* **ABOUT THIS EXERCISE**: Quote all of the data exactly as given. Skip every picture it contains.
── SOURCE MATERIAL ──
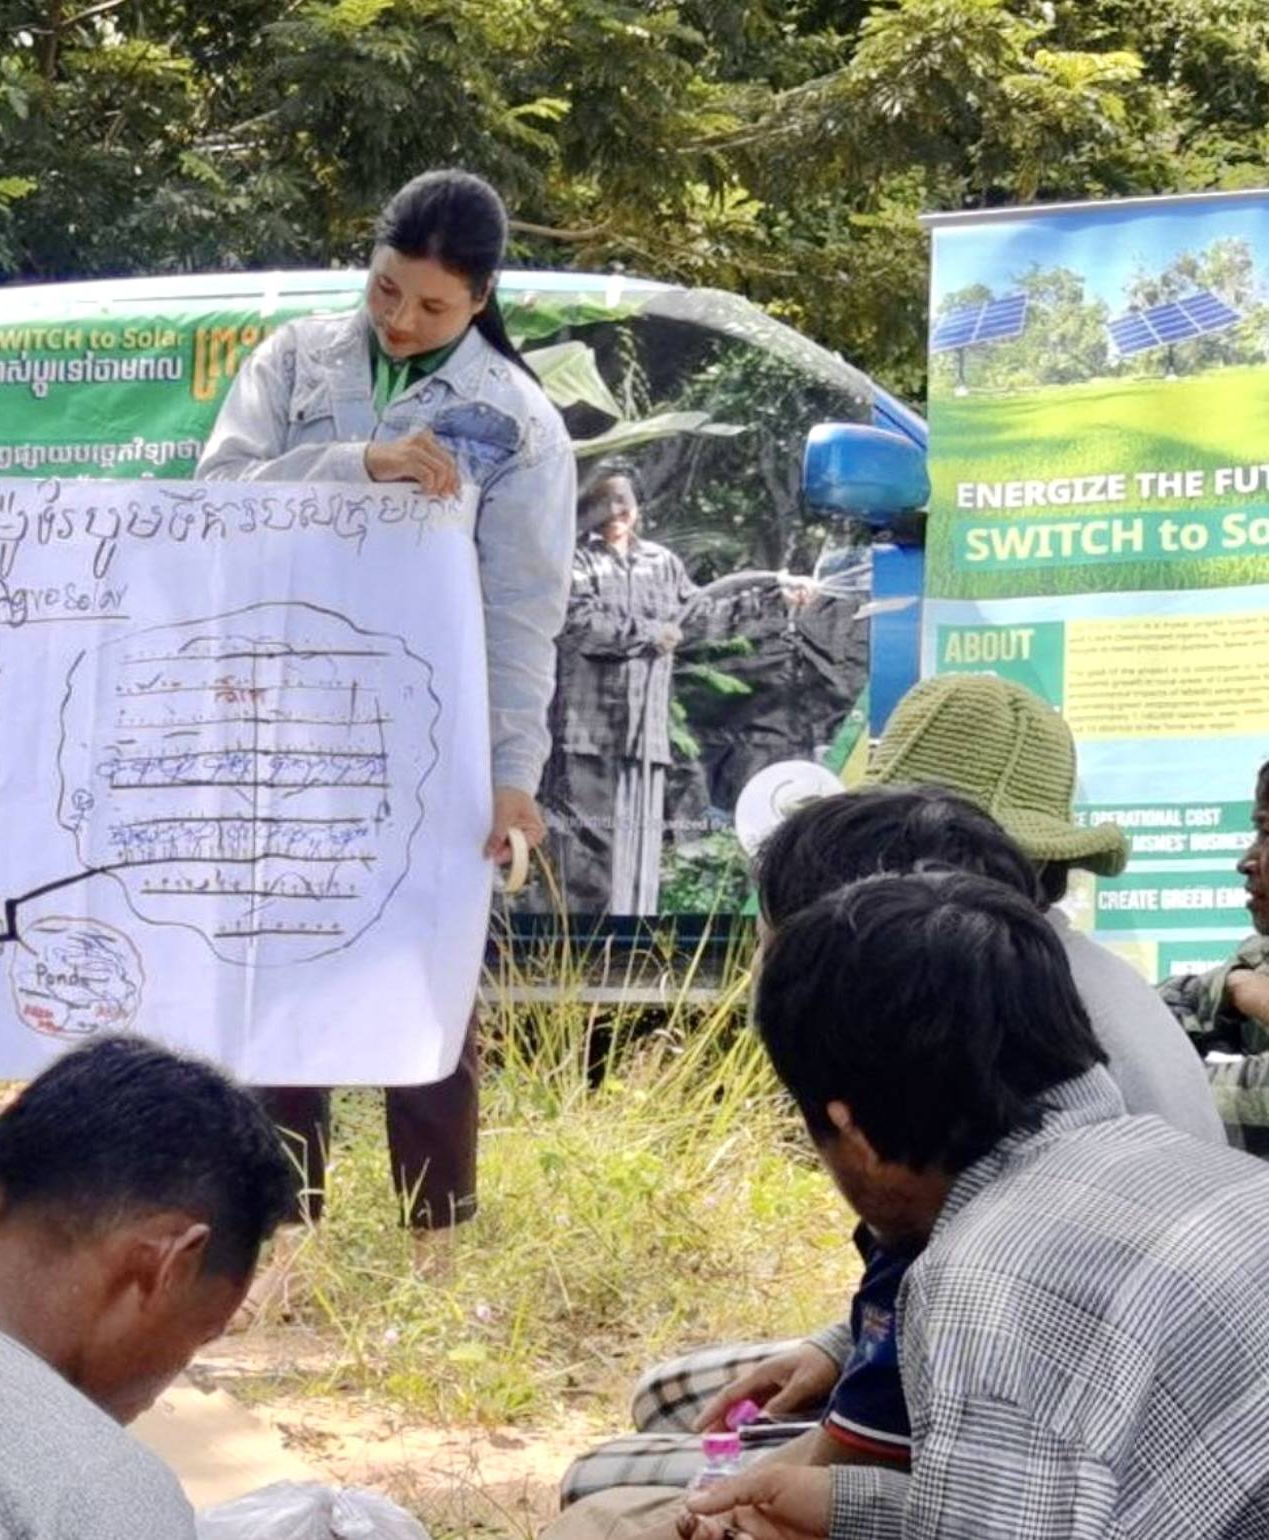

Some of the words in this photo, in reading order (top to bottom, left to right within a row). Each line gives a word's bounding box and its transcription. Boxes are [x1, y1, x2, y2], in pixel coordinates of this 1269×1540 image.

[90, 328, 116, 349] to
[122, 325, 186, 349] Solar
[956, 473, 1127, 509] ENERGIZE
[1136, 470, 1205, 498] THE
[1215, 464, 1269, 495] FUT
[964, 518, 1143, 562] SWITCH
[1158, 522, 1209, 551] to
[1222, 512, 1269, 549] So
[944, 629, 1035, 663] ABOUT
───
* **ANSWER TO THE PROBLEM**:
Some of the words in this photo, in reading order (top to bottom, left to right within a row). Each line gives a word's bounding box and its transcription. Boxes are [x1, y1, x2, y2], in pixel coordinates of this 1269×1540 image.

[90, 328, 116, 349] to
[122, 325, 186, 349] Solar
[956, 473, 1127, 509] ENERGIZE
[1136, 470, 1205, 498] THE
[1215, 464, 1269, 495] FUT
[964, 518, 1143, 562] SWITCH
[1158, 522, 1209, 551] to
[1222, 512, 1269, 549] So
[944, 629, 1035, 663] ABOUT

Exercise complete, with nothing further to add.